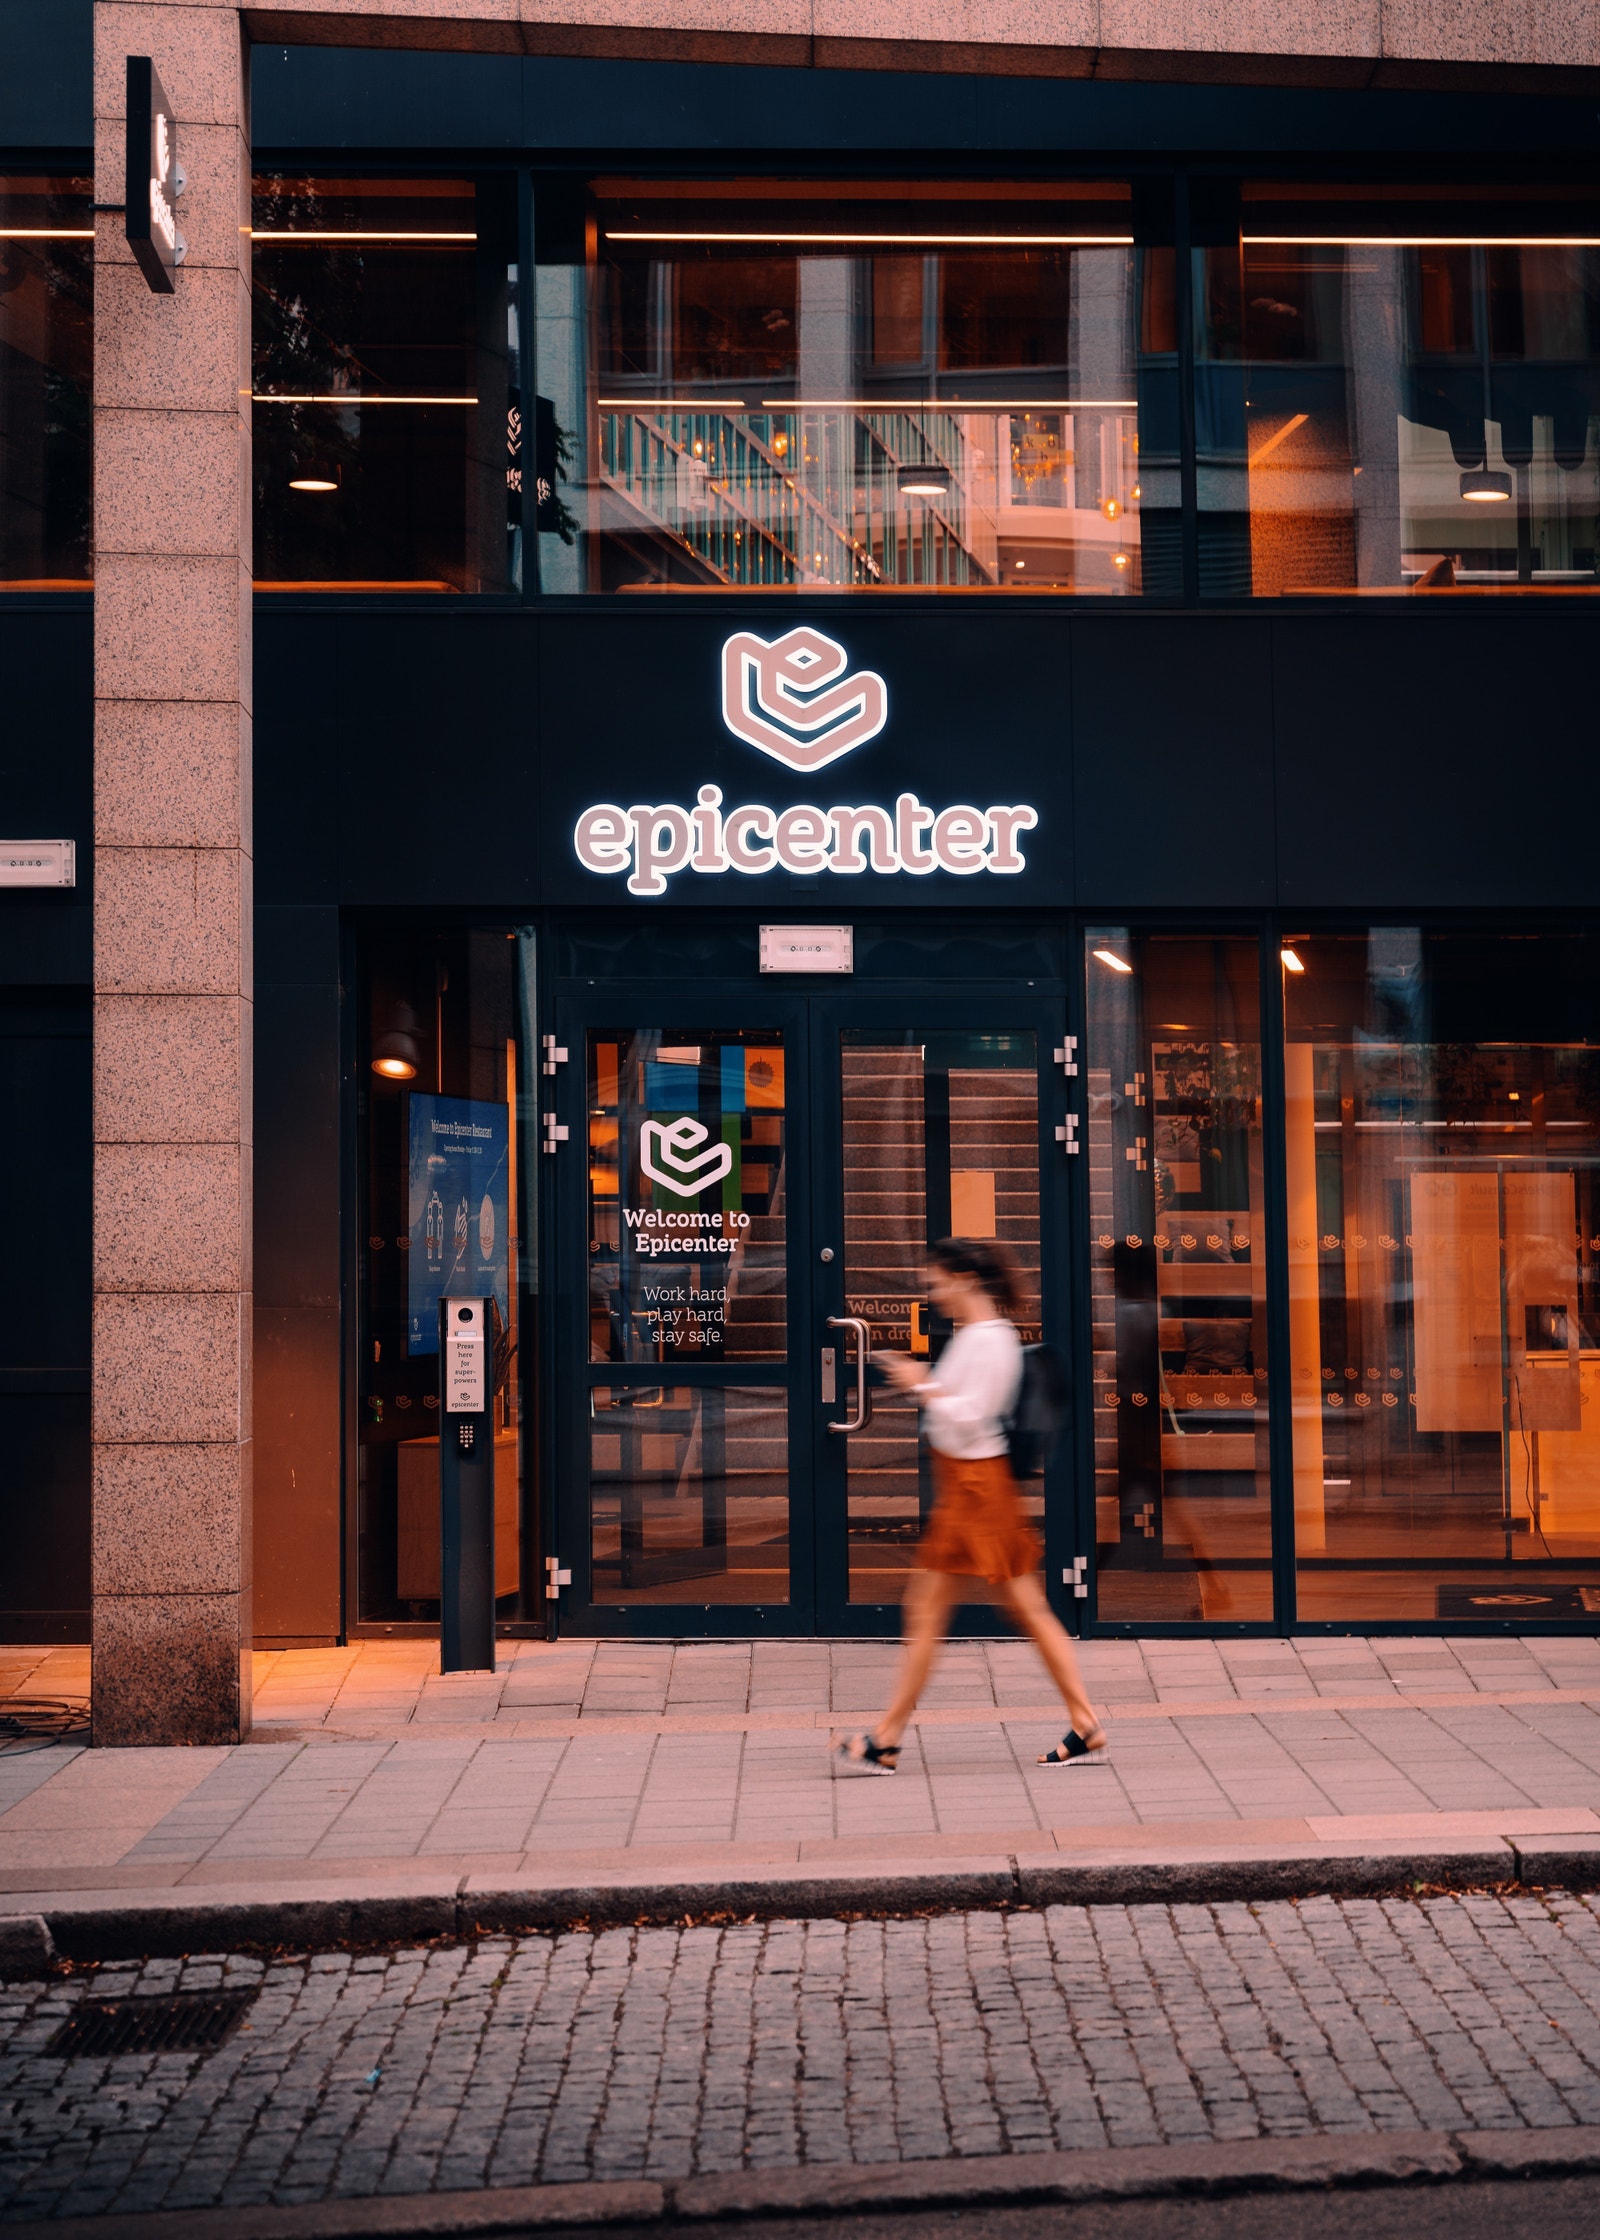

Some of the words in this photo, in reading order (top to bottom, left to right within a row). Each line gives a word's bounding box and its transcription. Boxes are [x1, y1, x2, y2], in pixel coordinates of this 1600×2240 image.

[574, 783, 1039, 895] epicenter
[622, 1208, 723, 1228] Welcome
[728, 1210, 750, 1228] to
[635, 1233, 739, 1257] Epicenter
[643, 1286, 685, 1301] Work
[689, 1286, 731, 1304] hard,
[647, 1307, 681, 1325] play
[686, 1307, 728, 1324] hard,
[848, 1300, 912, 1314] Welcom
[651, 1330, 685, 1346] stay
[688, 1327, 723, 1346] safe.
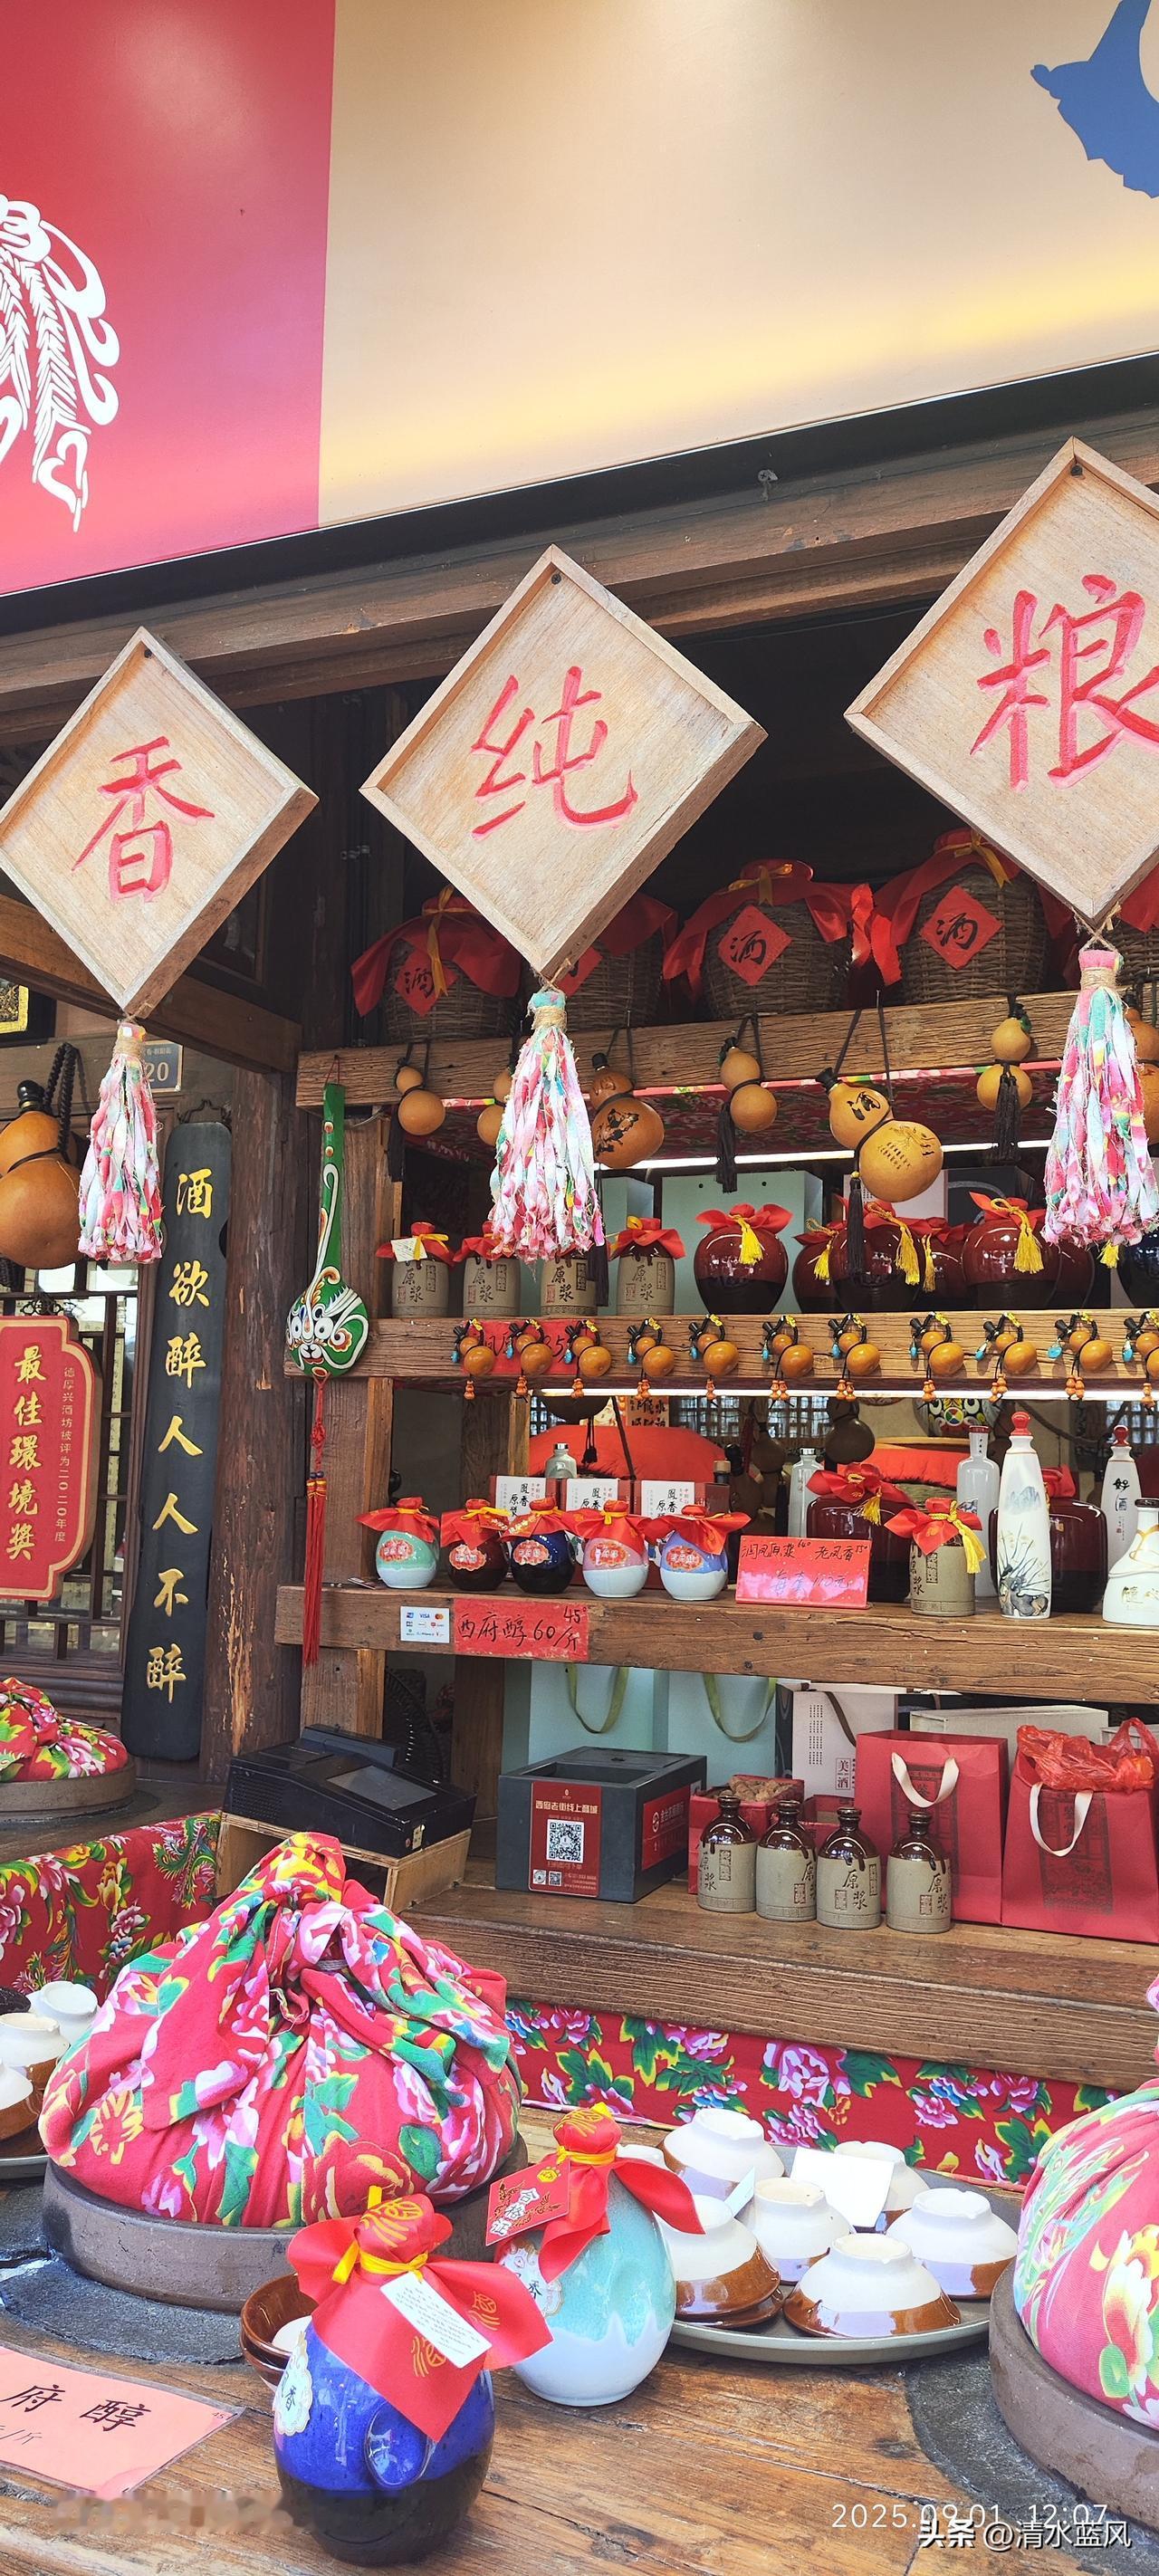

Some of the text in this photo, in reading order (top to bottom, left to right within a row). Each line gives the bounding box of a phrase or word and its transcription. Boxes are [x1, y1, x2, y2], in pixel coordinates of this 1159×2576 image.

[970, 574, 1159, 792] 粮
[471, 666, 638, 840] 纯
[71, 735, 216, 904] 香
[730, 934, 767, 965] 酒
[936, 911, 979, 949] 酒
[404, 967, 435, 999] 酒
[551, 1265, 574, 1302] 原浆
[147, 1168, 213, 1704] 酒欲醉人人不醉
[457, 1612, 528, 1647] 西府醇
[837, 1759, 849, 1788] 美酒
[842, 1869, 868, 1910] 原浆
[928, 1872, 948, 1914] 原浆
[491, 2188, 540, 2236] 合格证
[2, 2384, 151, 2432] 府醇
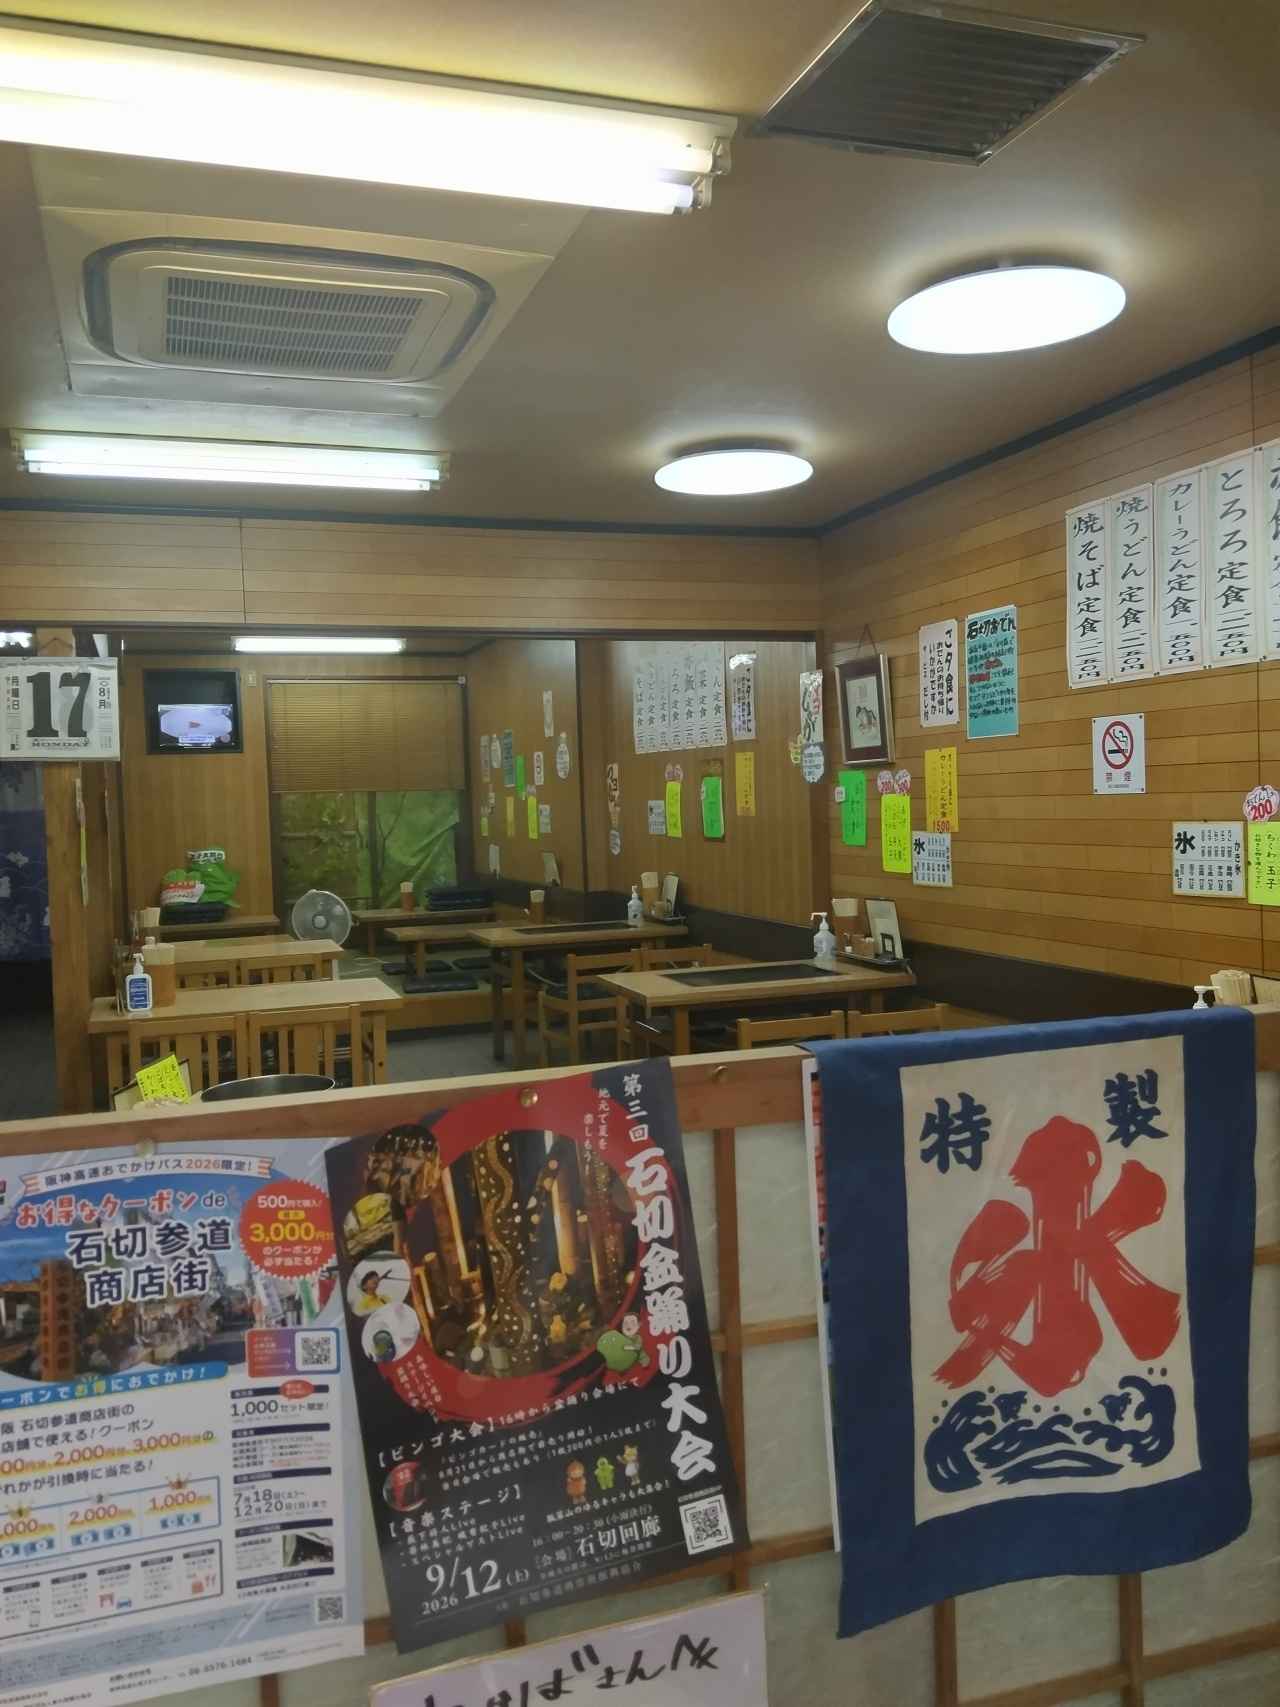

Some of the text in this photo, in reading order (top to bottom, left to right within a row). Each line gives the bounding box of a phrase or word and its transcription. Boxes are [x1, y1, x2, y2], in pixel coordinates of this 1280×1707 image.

-=-=-

— Task statement —
The lines to repeat run from the line containing "this 1159×2576 image." through the end of the listing above, both included; give them exactly and without pictures.

— Task output —
Some of the text in this photo, in reading order (top to bottom, left to right within a row). Each line gives the bounding box of a phrase or word and its transcription. Boxes are [x1, y1, x2, y2], in pixel coordinates of this 1159×2576 image.

[970, 574, 1159, 792] 粮
[471, 666, 638, 840] 纯
[71, 735, 216, 904] 香
[730, 934, 767, 965] 酒
[936, 911, 979, 949] 酒
[404, 967, 435, 999] 酒
[551, 1265, 574, 1302] 原浆
[147, 1168, 213, 1704] 酒欲醉人人不醉
[457, 1612, 528, 1647] 西府醇
[837, 1759, 849, 1788] 美酒
[842, 1869, 868, 1910] 原浆
[928, 1872, 948, 1914] 原浆
[491, 2188, 540, 2236] 合格证
[2, 2384, 151, 2432] 府醇

Some of the text in this photo, in reading order (top to bottom, left to right within a row). Each line gives the bounding box of a phrase or word and its transcription. Boxes are [x1, y1, x2, y2], in pixel coordinates of this 1280×1707 image.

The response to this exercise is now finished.